While this is more finance than economics, I thought it was worth including. The idea of "beating the market" is used in a very imprecise way by a lot of casual investors. People sometimes forget the simple fact that the whole point of an "exchange" is that a deal is being made between two (or more) parties, not with the market itself. For me to buy a stock, the current holder has to be willing to sell it at the quoted price. How convinced am I that I know more about the proper value of the stock than they do?
* The only way to truly "beat a market" would be to short an index fund. I get that some folks use the expression to mean that their custom picks outperform a given index fund, but it's a silly way of saying it.
Myth#7: Rich companies pay the most taxes.
Who writes the tax codes? Politicians. And their favour is intensely courted by lobbying firms that represent large corporations. The end result is a lot of deductions, discounts, and exemptions for the largest players. In some countries, this is also true on a personal level. As Warren Buffet famously shared, his marginal tax rate is less than his secretary's. The truth is that the heaviest proportional burden is always borne by the meat of the middle-class.
Myth #8: Academic economics is all about science.
Math is a language that allows us to describe the functions of a given system. Science is the investigation into the dynamics of that system. The truth is that there are a good number of economists out there who really don't understand much about the practical world that their models describe. They're just math wizards. As such, their work is of limited utility to casual readers.
* No, not all economists are guilty of this.

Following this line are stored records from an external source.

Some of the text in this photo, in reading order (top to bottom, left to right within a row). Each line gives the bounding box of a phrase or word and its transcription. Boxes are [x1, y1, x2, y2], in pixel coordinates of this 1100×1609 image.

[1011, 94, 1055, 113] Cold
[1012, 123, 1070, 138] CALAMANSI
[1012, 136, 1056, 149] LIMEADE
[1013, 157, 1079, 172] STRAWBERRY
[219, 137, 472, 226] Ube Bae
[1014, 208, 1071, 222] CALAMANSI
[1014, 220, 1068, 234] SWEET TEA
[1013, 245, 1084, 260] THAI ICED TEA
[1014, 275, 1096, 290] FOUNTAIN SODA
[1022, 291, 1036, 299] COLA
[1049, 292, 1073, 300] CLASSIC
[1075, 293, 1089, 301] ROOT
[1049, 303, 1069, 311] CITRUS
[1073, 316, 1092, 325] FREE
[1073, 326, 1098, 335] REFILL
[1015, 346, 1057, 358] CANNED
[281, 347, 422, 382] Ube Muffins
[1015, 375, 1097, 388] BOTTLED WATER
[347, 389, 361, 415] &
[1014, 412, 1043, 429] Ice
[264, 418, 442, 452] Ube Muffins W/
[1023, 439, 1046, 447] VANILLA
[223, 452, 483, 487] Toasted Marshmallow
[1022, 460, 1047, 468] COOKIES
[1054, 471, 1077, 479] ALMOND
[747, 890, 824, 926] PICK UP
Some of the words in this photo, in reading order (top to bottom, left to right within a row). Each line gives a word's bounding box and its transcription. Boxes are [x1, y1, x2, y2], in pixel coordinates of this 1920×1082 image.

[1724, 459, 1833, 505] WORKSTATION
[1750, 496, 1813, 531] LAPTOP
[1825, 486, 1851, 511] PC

It's hard to say what percentage are. Many are brilliant in the practical sphere. But I think the broad point is still fair. How can a PhD-level expert understand things like Black-Scholes and derivative volatility models and yet not understand the basic principles of systemic risk and over-leveraging? The written record proves that a whole lot of them didn't see 2008 coming.

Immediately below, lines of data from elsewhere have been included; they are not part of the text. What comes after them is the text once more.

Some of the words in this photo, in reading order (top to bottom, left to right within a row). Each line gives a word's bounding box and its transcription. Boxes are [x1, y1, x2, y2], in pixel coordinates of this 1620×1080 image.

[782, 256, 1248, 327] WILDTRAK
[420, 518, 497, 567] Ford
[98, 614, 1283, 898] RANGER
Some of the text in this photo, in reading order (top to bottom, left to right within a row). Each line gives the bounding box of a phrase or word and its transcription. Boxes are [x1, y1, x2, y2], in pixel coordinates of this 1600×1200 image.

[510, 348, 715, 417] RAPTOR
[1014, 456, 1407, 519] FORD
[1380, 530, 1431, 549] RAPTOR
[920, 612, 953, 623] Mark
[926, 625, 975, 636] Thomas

Myths #9: Bubbles are sure opportunities for profit.
Just because you spotted an error in pricing, doesn't mean that you're going to profit off of it. Naked emperors can be surprisingly resilient when the trumpet-blower isn't a market-mover like Mr. Buffet. Bubbles tend to burst at arbitrary speeds. Take a stock like Amazon for example. It's currently valued at $152bn in market cap. When compared to revenues, this is quite reasonable. Except that stock prices have no correlation to revenues — they need to be tied to the expectation of future profits. Amazon has no profits, and its CEO has quite literally built his business model around the premise of making no profits. You can short their stock all you want in protest, but as Keynes wisely observed, "the market can stay irrational longer than you can stay solvent."

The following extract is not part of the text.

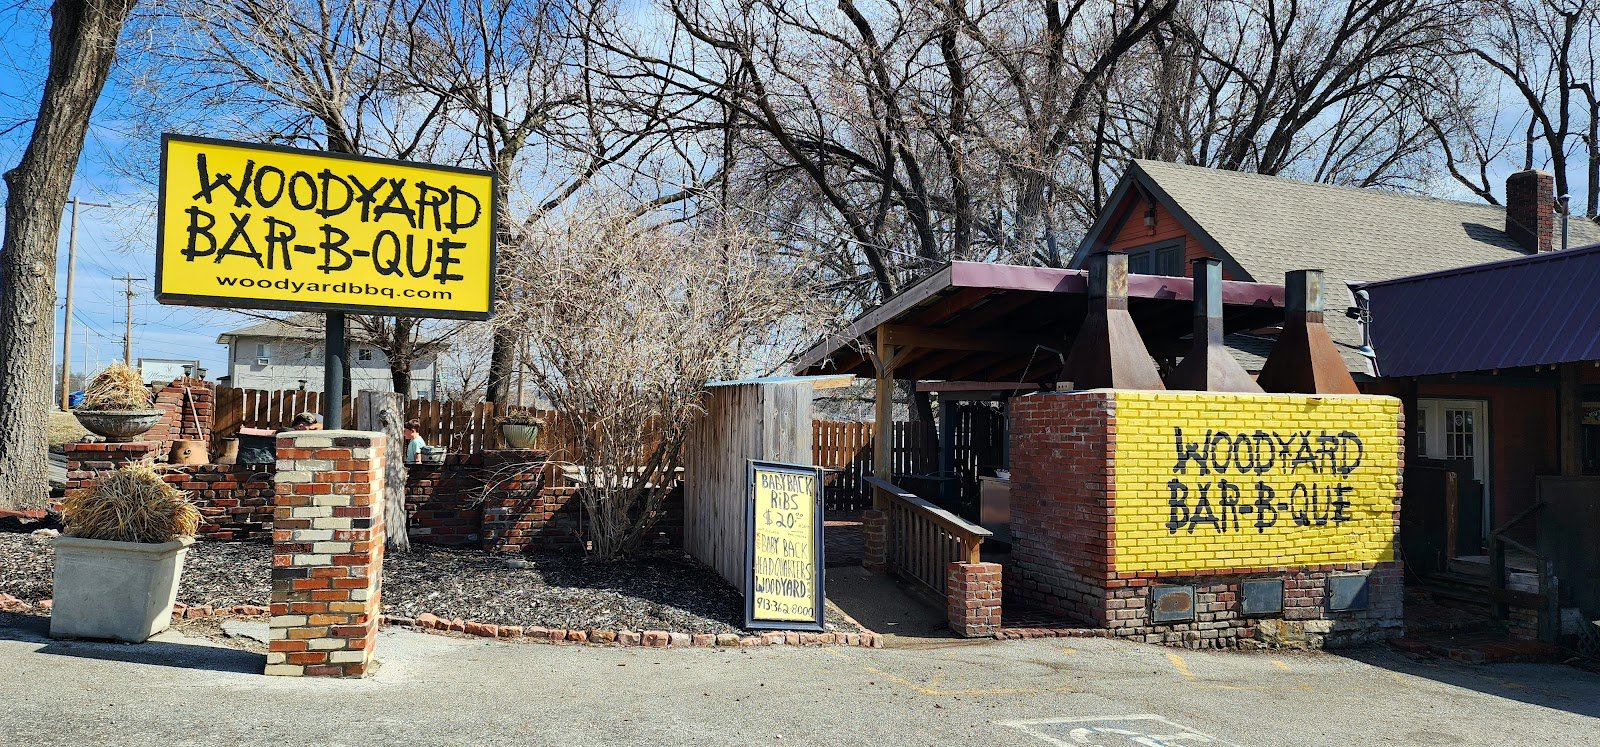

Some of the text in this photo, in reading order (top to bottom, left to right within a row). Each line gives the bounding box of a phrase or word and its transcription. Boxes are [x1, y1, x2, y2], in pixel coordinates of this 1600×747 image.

* Yes, I know that they expect to make profits in a day to come, once they've monopolized their key markets. Which is fine, except that the world has changed and that day isn't coming. (At least, never to the tune of repaying $152bn in stock value.)
Myth #10: Outsourcing makes rich countries poorer.
Getting more done with less means more overall wealth. That isn't really up for debate. The problem is that this model demands that displaced workers be migrated to higher-value jobs. That isn't happening. But that's not a flaw in the economic theory. It just reflects a broken sociopolitical system.
Note: None of my points are really controversial. If they sound like it, it's largely because of the fuzzy economic narratives present in a lot of mass-media sources. I'd be happy to have my reasoning challenged in the comments. If you'll be respectful, I'll be patient (and willing to be wrong).
Note 2: For those looking for a more detailed understanding of the technical bits, see the comment string withbelow.
Answer by Roshan Cariappa:
These are the ten principles of Economics, as listed by Gregor Mankiw, in his fascinating book, Principles of Macroeconomics:
A. How people make decisions
1. People face trade-offs: "There is no such thing as a free meal." To get one thing that we like, we usually have to give up another thing that we like,
Micro economic: A student deciding whether to study Economics or Psychology.
Macro economic: If the Defence budget increases, there will be a decrease in other budget heads, such as Education or Healthcare.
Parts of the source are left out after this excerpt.